UU No. 31 Tahun 1999 beserta perubahannya No. 20 Tahun 2001 ada 7 jenis korupsi diantaranya yaitu merugikan keuangan negara, suap, perbuatan curang, gratifikasi, pemerasan, pembentukan kepentingan, penggelapan. Namun di KUHP hanya 2 jenis korupsi yang ada yaitu merugikan keuangan negara dan suap, dan di suap menyuap hanya sebagian pasal yang diambil.
Lantas, apa yang terjadi apabila hanya beberapa jenis korupsi tertentu saja yang diatur?

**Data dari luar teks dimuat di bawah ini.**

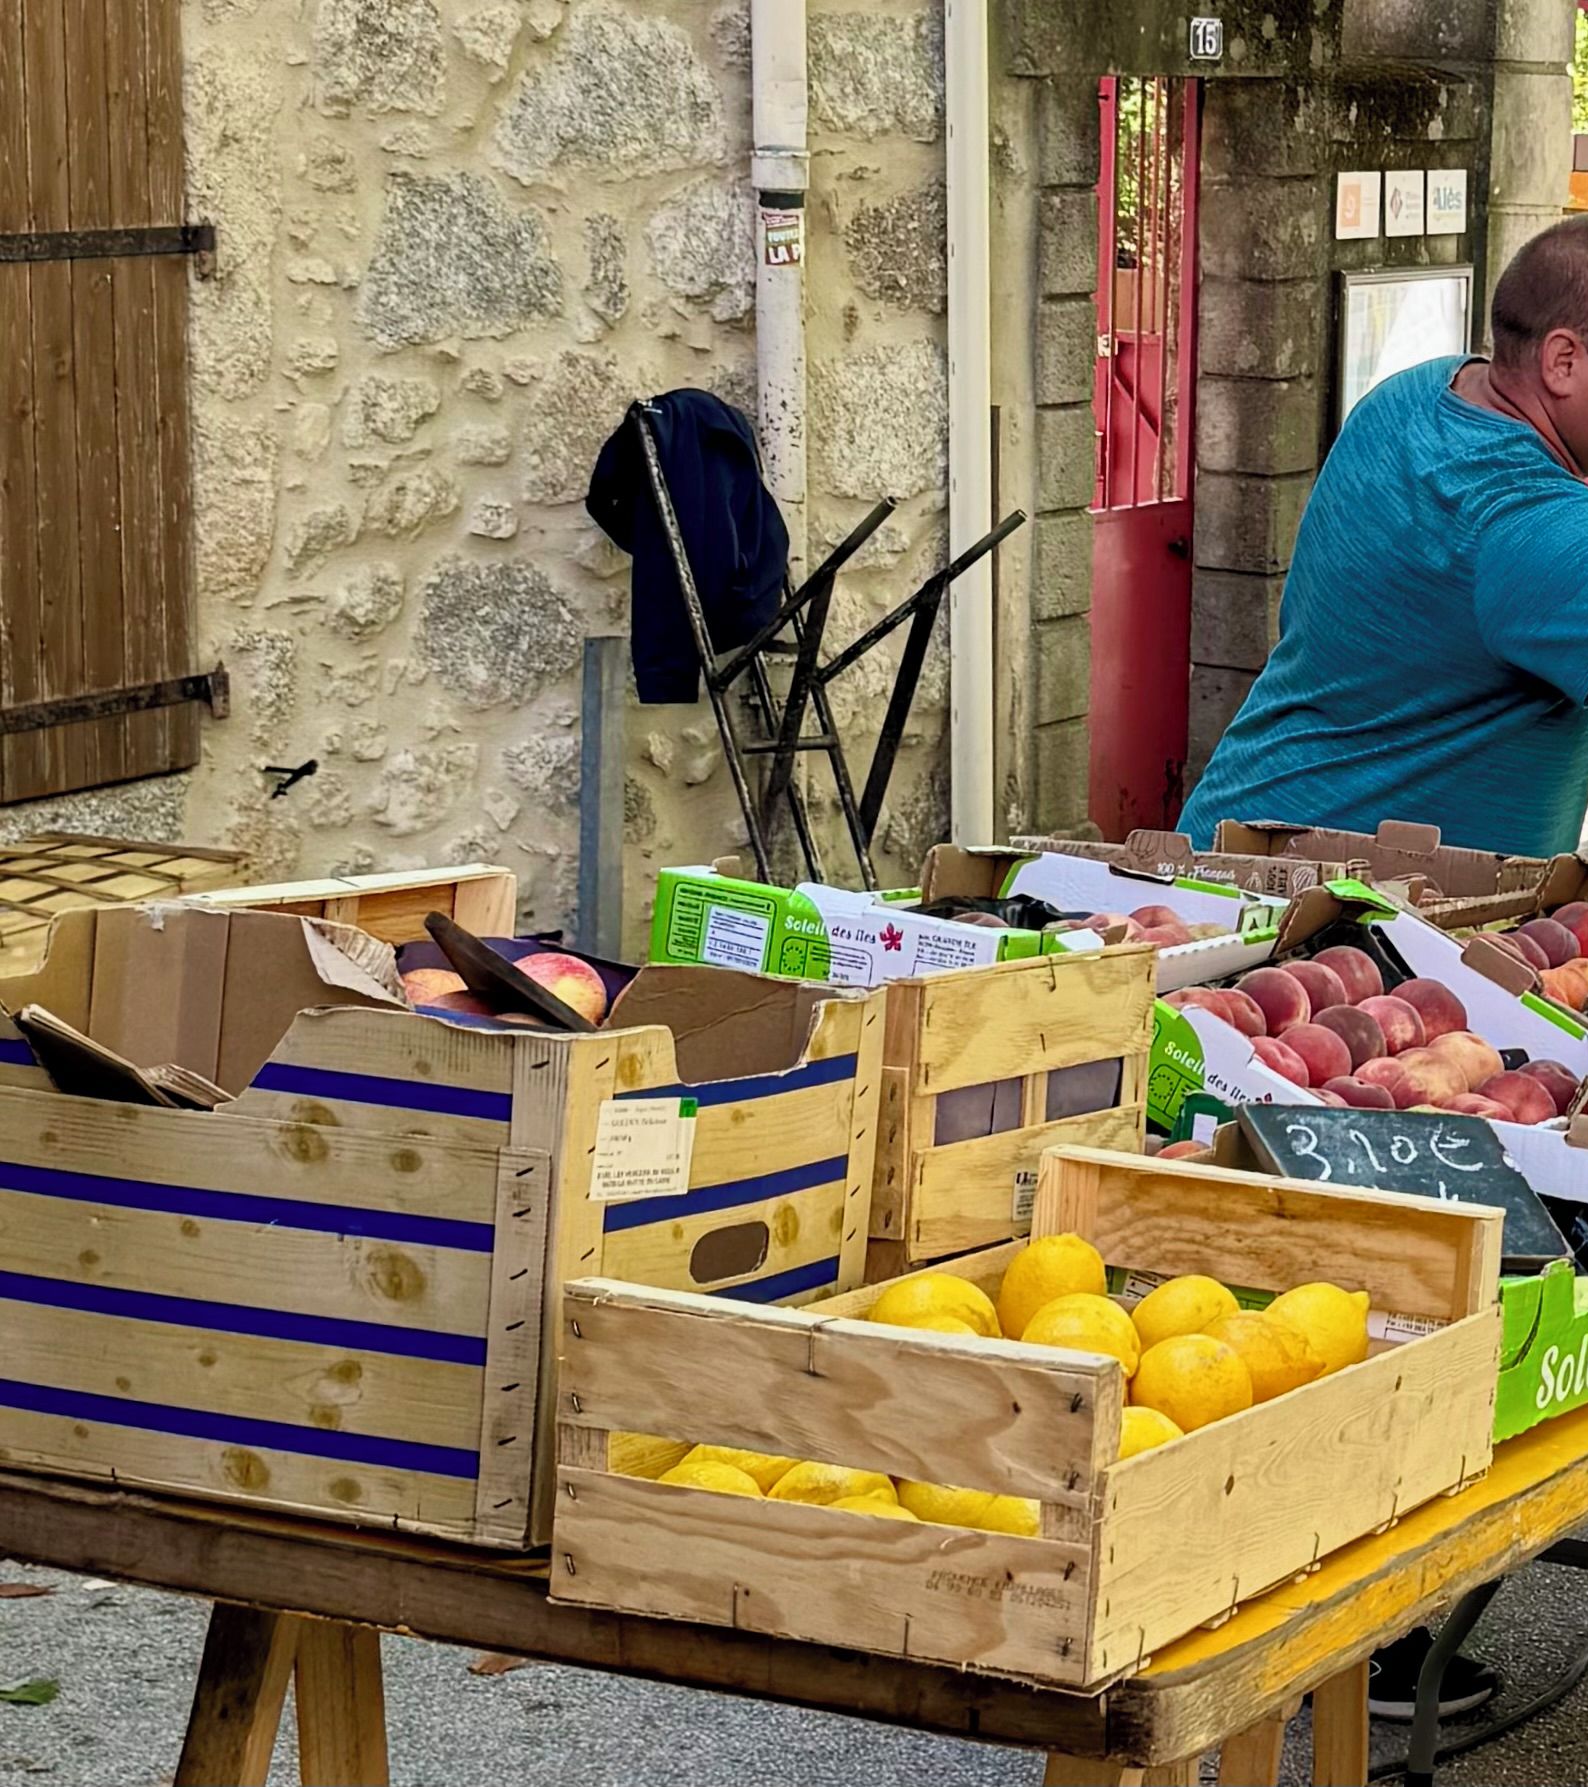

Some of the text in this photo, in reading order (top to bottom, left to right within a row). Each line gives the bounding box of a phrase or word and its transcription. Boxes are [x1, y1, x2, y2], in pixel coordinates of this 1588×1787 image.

[784, 914, 825, 936] Soleil
[831, 925, 852, 940] des
[1164, 1040, 1205, 1075] Soleil
[1207, 1073, 1228, 1092] des

Berbicara mengenai suap, masa pembaharuan tindak pidana pada Pasal 607 mengenai suap menciptakan polemik di kalangan masyarakat, karena terjadi kejanggalan yang menyatakan bahwa suap bagi pegawai negeri dan hakim bukan lagi sebagai tindak pidana korupsi. Tentu saja ini bertentangan dengan logika hukum, yang mana sudah berkembang dimasyarakat nasional maupun internasional.
Masyarakat internasional mengakui bahwa
suap terhadap pegawai negeri maupun pegawai swasta dikategorikan sebagai
tindakan suap. Namun dalam KUHP baru justru perilaku suap terhadap pegawai
negeri dan hakim tidak termasuk suap, sedangkan terhadap pegawai swasta termasuk
suap. Hal ini membuktikan bahwa tidak ada keadilan hukum berasaskan filosofis
Pancasila sila ke-5 yang melatarbelakangi kenapa pembaharuan masa pidana
terhadap KUHP ini tidak bisa memberi kolerasi yang baik dalam pemberantasan
korupsi.
Memang penting
dilakukan pembaharuan hukum pidana jika memiliki tujuan untuk memperbaharui
baik dari segi tindak pidana, pemidanaan, dan pertanggung jawaban. Misalnya
dengan dimasukkannya ketentuan UU Tipikor ke dalam RKUHP pemerintah berharap
sistem hukum pidana nasional menjadi terintegrasi, proses kodifikasi tersebut
tidak akan menghilangkan sifat khusus UU Tipikor dalam penanganan kasus korupsi
sebab RKUHP hanya mencantumkan ketentuan tindak pidana pokok yang diatur UU
Tipikor. Tetapi pengaturan Tipikor pada KUHP menimbulkan dualisme hukum dan
menyulitkan aparat hukum dalam menghadapi korupsi karena wewenang mereka dalam
menghadapi kasus korupsi terjadi tumpang tindih (overlapping)
Asas hukum
secara umum merupakan suatu prasangka yang tidak menggambarkan suatu kenyataan,
tetapi suatu harapan. Jika delik korupsi dimasukkan ke dalam RUU KUHP, maka
yang menjadi pertanyaan apakah KPK yang sekarang dibubarkan atau tidak, jika
tidak bagaimana dengan hukum acaranya? Penetapan ancaman yang lebih ringan di
RKUHP daripada UU khusus menyebabkan kekhawatiran pada sebagian masyarakat
tentang konsistensi pemerintah dalam rangka pemberantasan tindak pidana
tersebut.
KUHP yang ada sekarang tidak sesuai
dengan perkembangan zaman, dan banyak ketidakpastian hukum. Hal ini dikarenakan
sejak merdeka, pemerintah belum menetapkan terjemahan WVSNI atau nama asli
KUHP. Akibatnya multitafsir rentan terjadi dalam pemaknaan KUHP yang berbeda-beda.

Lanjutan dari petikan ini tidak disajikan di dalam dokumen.